◆ **About this task**
Transcribe the following entries letter for letter, without the pictures.

*** Records for the task Section Begins ***

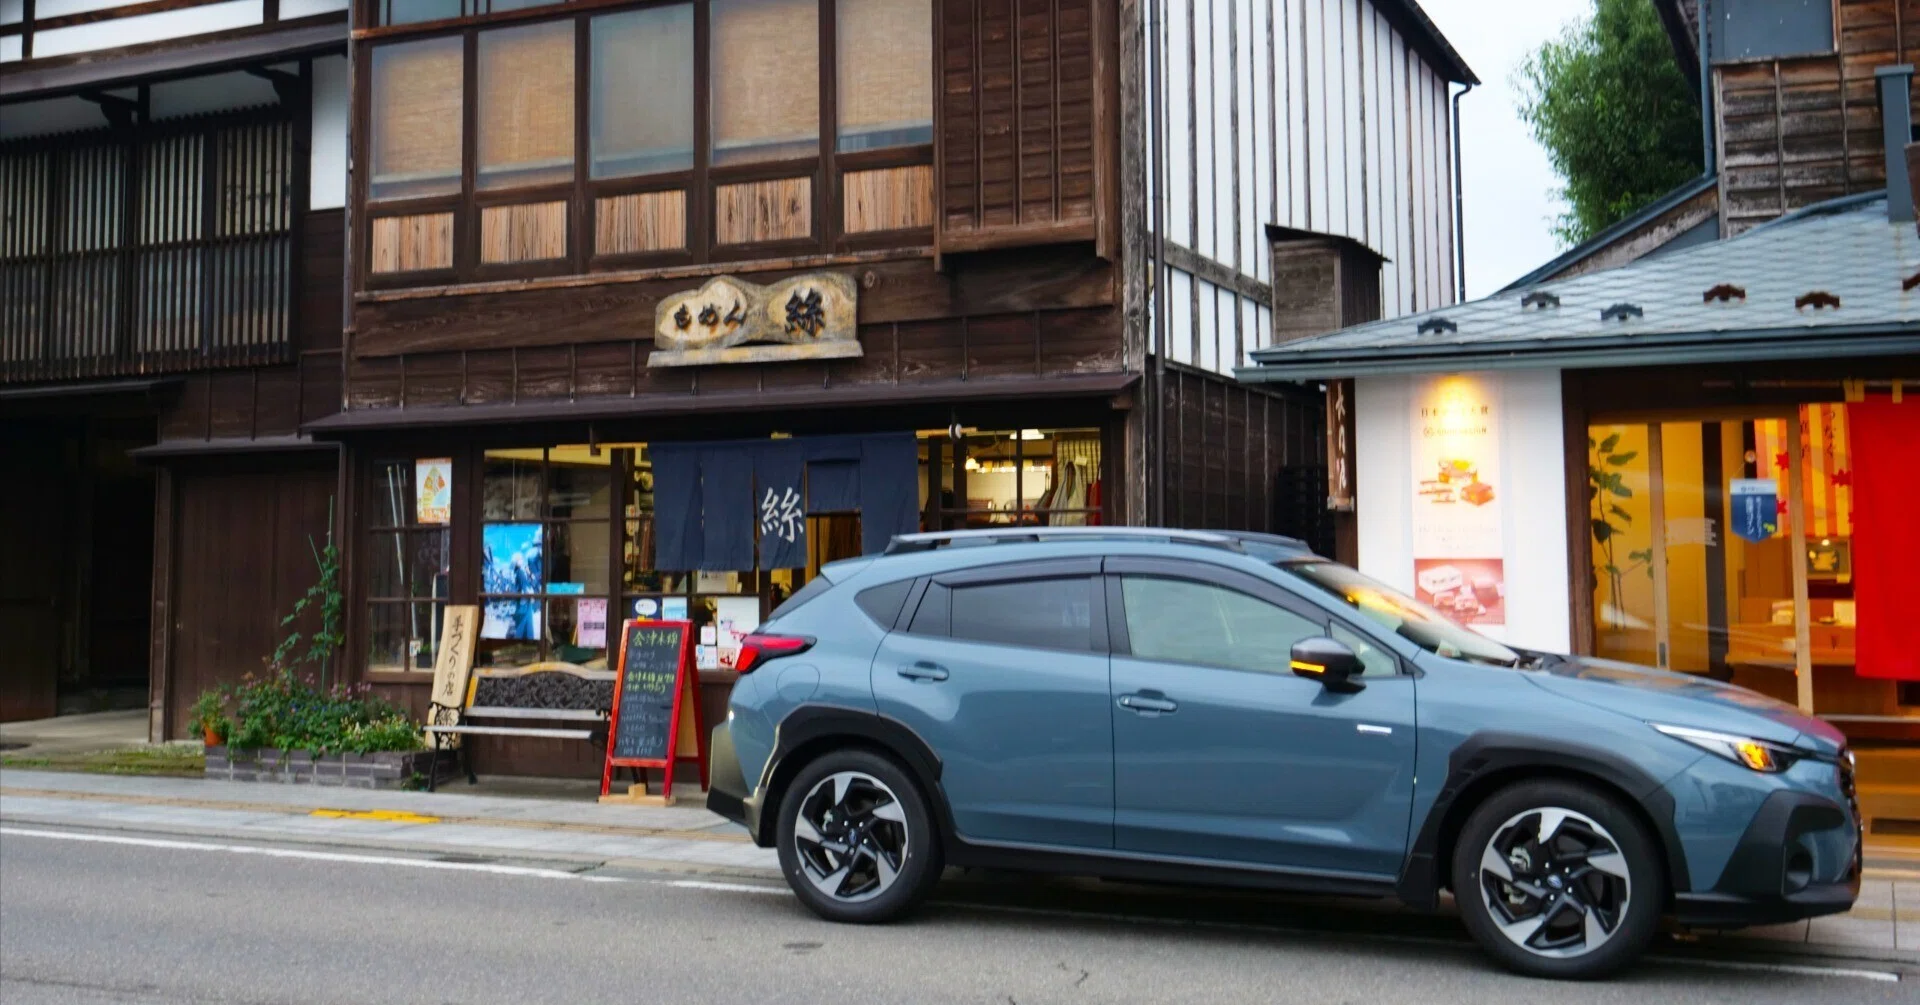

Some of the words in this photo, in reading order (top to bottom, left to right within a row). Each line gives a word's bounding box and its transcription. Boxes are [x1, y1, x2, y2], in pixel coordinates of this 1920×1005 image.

[674, 299, 747, 330] もめん
[760, 486, 804, 543] 絲
[632, 629, 678, 649] 会津木綿
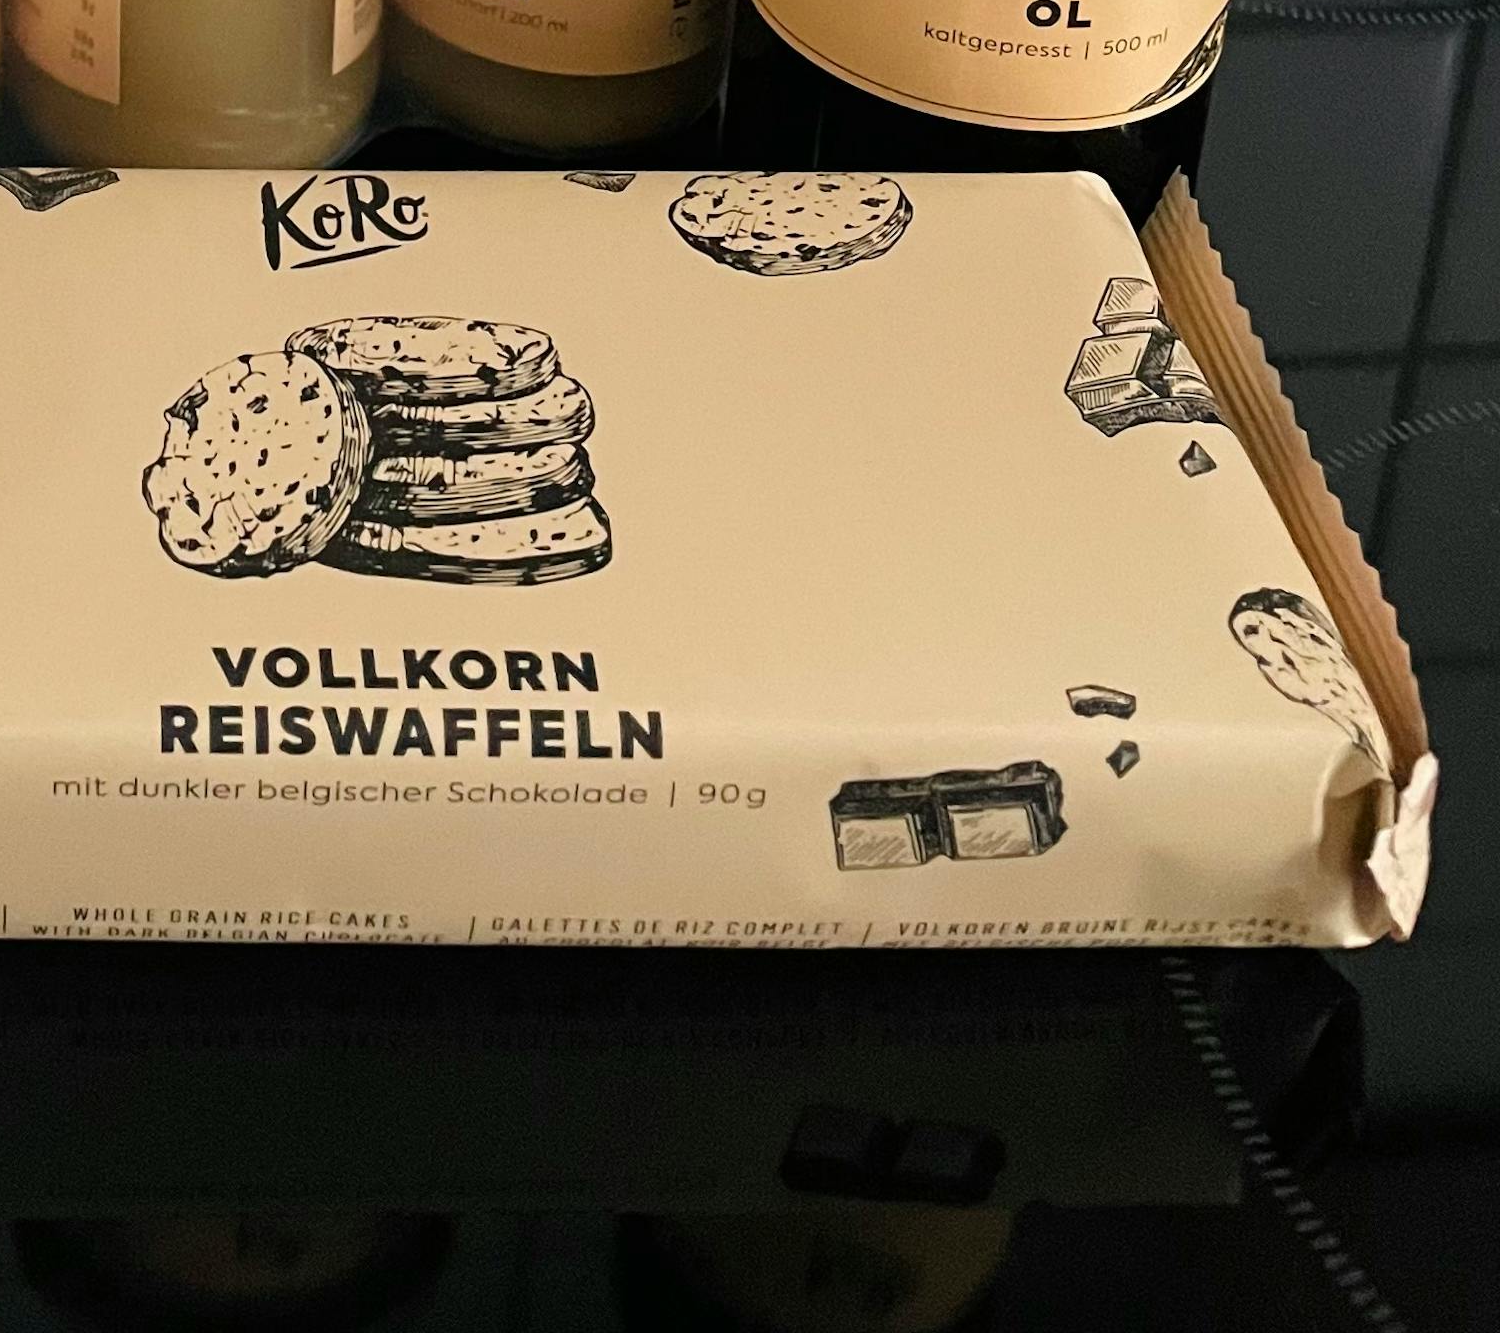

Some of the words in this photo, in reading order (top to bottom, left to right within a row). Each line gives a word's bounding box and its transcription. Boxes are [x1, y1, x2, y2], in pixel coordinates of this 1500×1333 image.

[923, 20, 1074, 61] kaltgepresst
[1103, 36, 1141, 55] 500
[1147, 28, 1168, 47] ml
[261, 174, 428, 271] KoRo
[212, 647, 599, 692] VOLLKORN
[160, 705, 663, 759] REISWAFFELN
[54, 777, 106, 797] mit
[119, 777, 245, 799] dunkler
[258, 779, 436, 806] belgischer
[447, 782, 647, 804] Schokolade
[74, 908, 153, 922] WHOLE
[170, 910, 246, 924] GRAIN
[261, 911, 315, 925] RICE
[329, 913, 408, 929] CAKES
[492, 917, 620, 933] GALETTES
[634, 921, 659, 934] DE
[676, 921, 714, 934] RIZ
[727, 922, 842, 935] COMPLET
[900, 921, 1029, 936] VOLKOREN

*** Records for the task Section Ends ***

◆ **Solution below**
Some of the words in this photo, in reading order (top to bottom, left to right within a row). Each line gives a word's bounding box and its transcription. Boxes are [x1, y1, x2, y2], in pixel coordinates of this 1920×1005 image.

[674, 299, 747, 330] もめん
[760, 486, 804, 543] 絲
[632, 629, 678, 649] 会津木綿

Some of the words in this photo, in reading order (top to bottom, left to right within a row). Each line gives a word's bounding box and its transcription. Boxes are [x1, y1, x2, y2], in pixel coordinates of this 1500×1333 image.

[923, 20, 1074, 61] kaltgepresst
[1103, 36, 1141, 55] 500
[1147, 28, 1168, 47] ml
[261, 174, 428, 271] KoRo
[212, 647, 599, 692] VOLLKORN
[160, 705, 663, 759] REISWAFFELN
[54, 777, 106, 797] mit
[119, 777, 245, 799] dunkler
[258, 779, 436, 806] belgischer
[447, 782, 647, 804] Schokolade
[74, 908, 153, 922] WHOLE
[170, 910, 246, 924] GRAIN
[261, 911, 315, 925] RICE
[329, 913, 408, 929] CAKES
[492, 917, 620, 933] GALETTES
[634, 921, 659, 934] DE
[676, 921, 714, 934] RIZ
[727, 922, 842, 935] COMPLET
[900, 921, 1029, 936] VOLKOREN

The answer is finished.